5 Alasan Pangkalan Militer Tartus di Suriah Sangat Berarti bagi Rusia
Rabu, 05 Februari 2025 - 04:45 WIB
loading...
A
A
A
Selama beberapa dekade berikutnya, Uni Soviet memasok Suriah dengan persenjataan yang mengesankan: lebih dari 5.000 tank, lebih dari 1.200 pesawat tempur, dan sekitar 70 kapal perang – persenjataan senilai sekitar $26 miliar.
Naiknya Hafez al Assad ke tampuk kekuasaan pada tahun 1970 membuka babak baru dalam hubungan antara kedua negara. Meskipun Assad telah memandang Uni Soviet "dengan curiga" di masa mudanya, ia segera menyadari manfaat kerja sama dengan Moskow.
Pada tahun 1971, ia memberikan akses armada Soviet ke pelabuhan Latakia dan Tartus, dan menerima lebih banyak senjata sebagai balasannya.

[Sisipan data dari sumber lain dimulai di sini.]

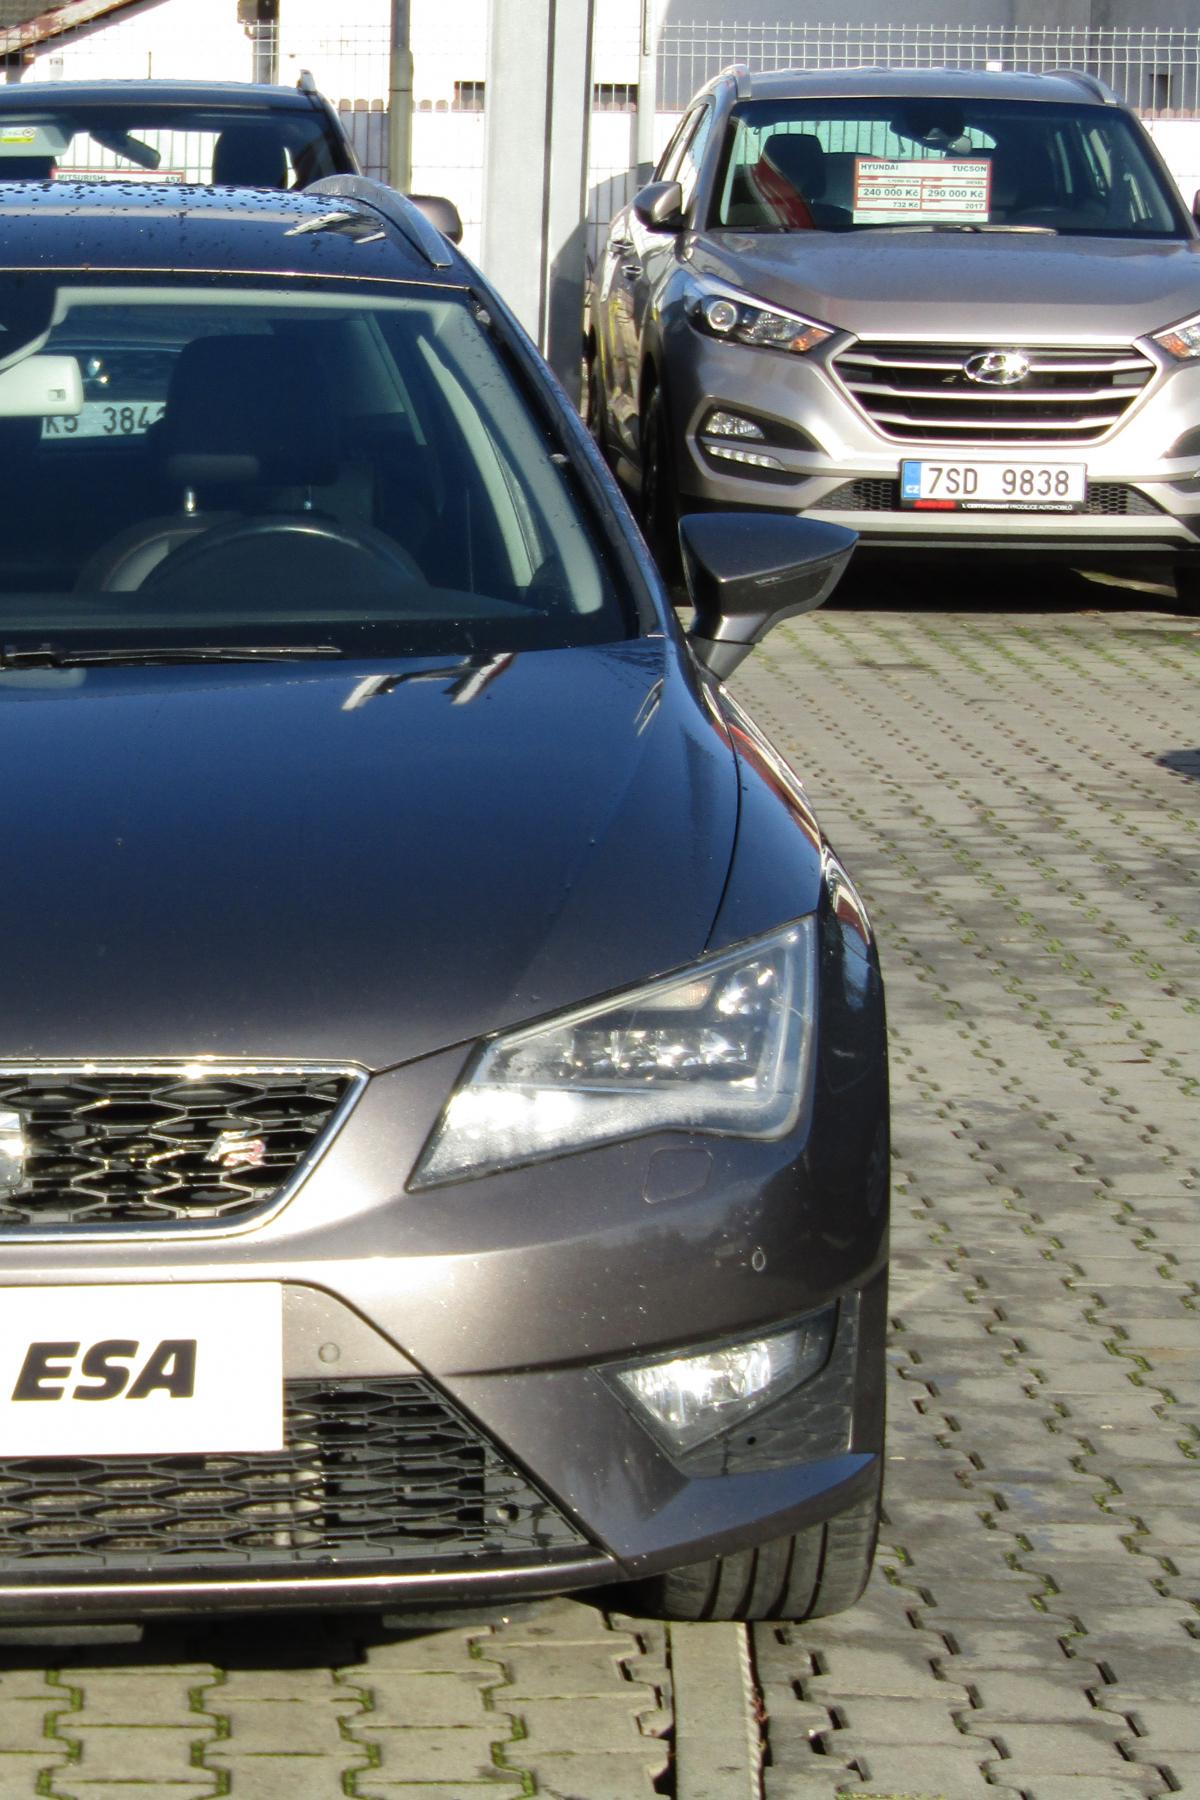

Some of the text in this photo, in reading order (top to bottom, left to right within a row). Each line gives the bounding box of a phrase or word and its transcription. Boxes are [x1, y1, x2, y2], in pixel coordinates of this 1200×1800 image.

Pada tahun 1984, jumlah penasihat Soviet dan Eropa Timur di Suriah mencapai puncaknya – 13.000 orang, lebih banyak daripada di negara Arab lainnya.
Hubungan Suriah-Soviet memperoleh signifikansi khusus setelah Mesir menandatangani perjanjian damai dengan Israel pada tahun 1979 dan beralih ke kubu Barat. Suriah tetap menjadi rezim pro-Soviet terakhir di Timur Tengah.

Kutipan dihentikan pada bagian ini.